Concrètement, le travail n’est que peu marqué par le Brexit, exception faite de la dizaine de slides en provenance d’ECM sur son impact, insérées au début de chaque pitch. Quelques opérations ont été postponées (aussi bien M&A que IPO), mais certaines sont déjà de nouveau on track, les discours alarmistes des premiers jours placardés dans les journaux sont déjà loin derrière nous. »

En somme, peu de certitudes, encore une fois. Certes, les marchés ont été plus chahutés que l’IB. Pour autant, les Summer Interns n’ont ressenti l’onde de choc du Brexit que de très loin : pas de bouleversements significatifs donc, sur le travail qui vous attend l’an prochain.

LA4Lire aussi : Le Summer Internship : pourquoi, quand, comment ?

 

Que faire donc pour vous préparer en vue d’un Summer ?

Les processus de candidature vont rester rigides sur le plan du calendrier et débutent déjà, selon les banques, pour les Spring, Summer Internships, Graduates, voire Offcycles.
Par ailleurs, ces process resteront très structurés avec plusieurs étapes d’écrémage et différentes dimensions (fit bien sûr, mais aussi technique ou encore logique avec les fameux tests numériques). 

                RAPPEL :

  • Application online (informations personnelles, CV, essays à rédiger, tests numériques…)
  • Phone interview (fit)
  • Assessment Center (fit, brainteasers, technique)

La compétition n’a jamais été aussi forte, notamment en Investment Banking. Sur les 267 000 candidats 2015 aux Summer Internships recensés par Goldman Sachs (soit une hausse de 40% par rapport à 2012), moins de 3% ont reçu une offre.

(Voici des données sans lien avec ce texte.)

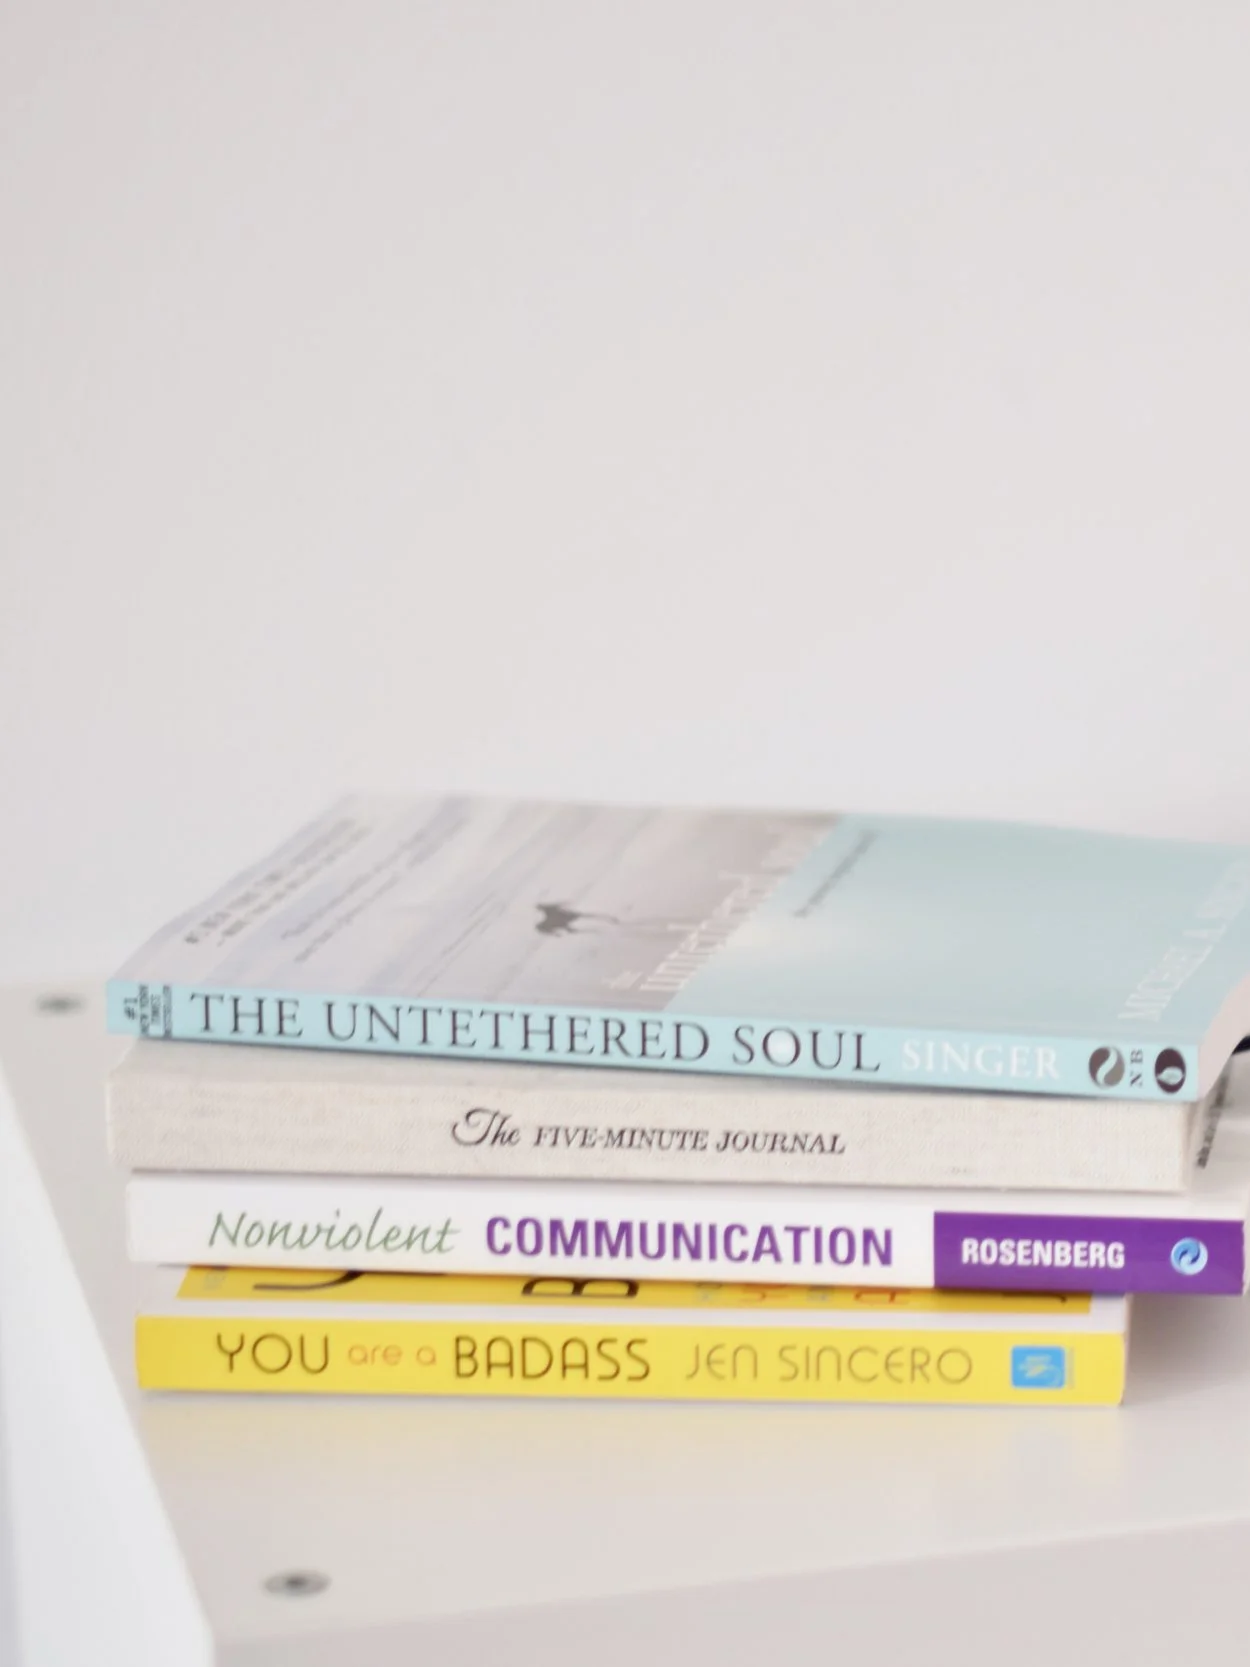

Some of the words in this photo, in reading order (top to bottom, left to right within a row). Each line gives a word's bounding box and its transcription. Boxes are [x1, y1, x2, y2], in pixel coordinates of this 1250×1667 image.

[190, 993, 304, 1038] THE
[323, 1001, 710, 1062] UNTETHERED
[731, 1024, 881, 1073] SOUL
[901, 1038, 1061, 1080] SINGER
[451, 1107, 521, 1148] The
[532, 1125, 710, 1154] FIVE-MINUTE
[715, 1130, 846, 1155] JOURNAL
[207, 1206, 462, 1253] Nonviolent
[485, 1216, 893, 1267] COMMUNICATION
[961, 1237, 1126, 1269] ROSENBERG
[216, 1332, 330, 1375] YOU
[347, 1343, 402, 1367] are
[415, 1344, 438, 1367] a
[454, 1334, 651, 1383] BADASS
[685, 1342, 758, 1381] JEN
[778, 1344, 974, 1385] SINCERO

Il est ainsi plus probable d’être admis à Harvard (5,3%) ! Ainsi, le Brexit ne doit avoir aucun impact sur votre préparation. Assidue et complète, elle est certes exigeante, mais indispensable si vous souhaitez vous mesurer à cette sélectivité implacable.
Pour autant, la géographie des stages est conditionnée aux probables déménagements d’équipes évoqués en début d’article. Affaire à suivre donc : Dublin ou Paris étant des destinations considérées. A moyen terme la question des visas de travail des ressortissants européens non-britanniques se posera si un accord n’est pas négocié entre Londres et l’UE.
Toutefois, le nombre de juniors embauchés chaque année ne variera probablement pas. Enfin, en l’absence de certitude sur cette donnée politique, les Summer Internships asiatiques peuvent représenter une alternative de choix pour les candidats.

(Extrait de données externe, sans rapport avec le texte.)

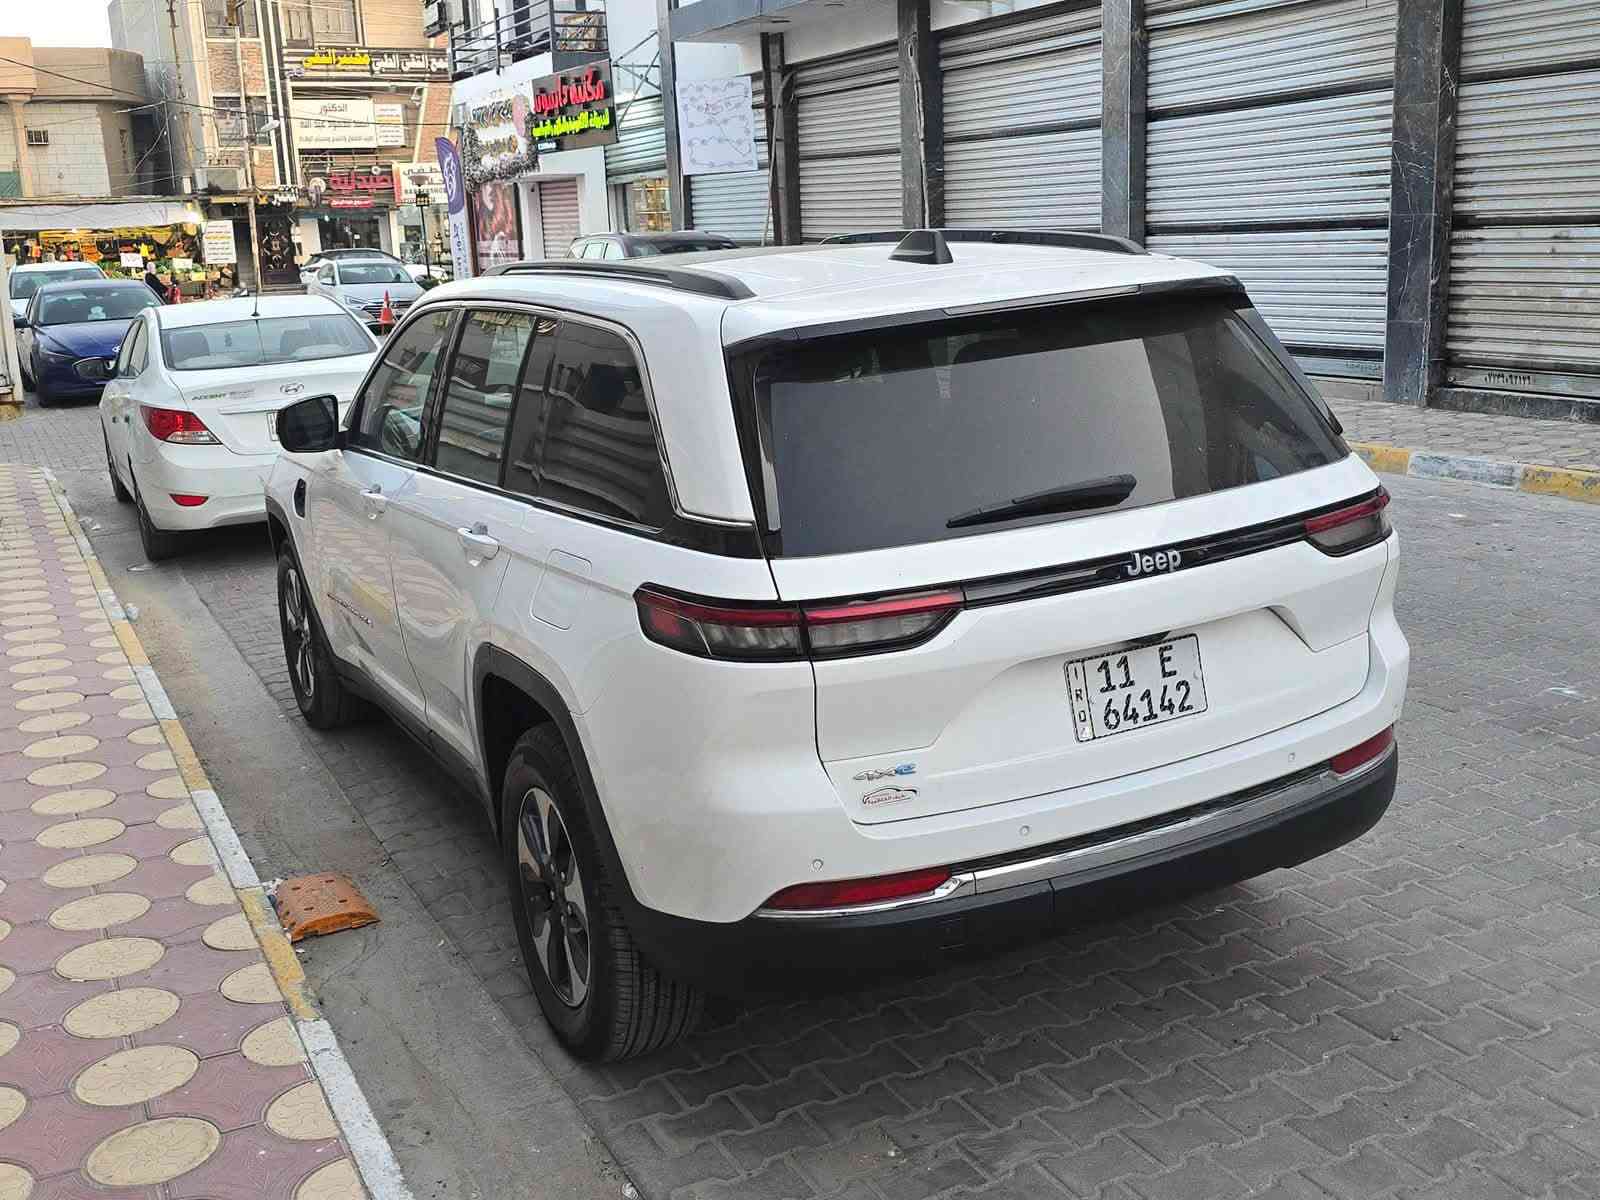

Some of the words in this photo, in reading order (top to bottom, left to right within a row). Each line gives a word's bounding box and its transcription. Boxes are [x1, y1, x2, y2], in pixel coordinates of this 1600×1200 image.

[569, 66, 605, 106] مكتبة
[1127, 550, 1182, 576] Jeep
[1097, 655, 1135, 693] 11
[1158, 645, 1177, 678] E
[1103, 680, 1194, 730] 64142

Vadémécum d’un aspirant Summer Intern  

    • Garder en tête que la sélectivité des process de recrutement tend à s’accroitre, et ce, indépendamment du Brexit !
    • Se tenir au courant de l’actualité (Brexit bien sûr : déroulement des négociations, annonces des banques, … mais pas uniquement)
    • Être prêt à répondre, de façon intelligente, à une question sur le Brexit sans pour autant rentrer dans des considérations politiques, ni pondre un exposé indigeste (comme à chaque question, bien entendu, mais les candidats tendant à l’oublier lorsqu’ils perdent leurs moyens et sont pris au dépourvu…).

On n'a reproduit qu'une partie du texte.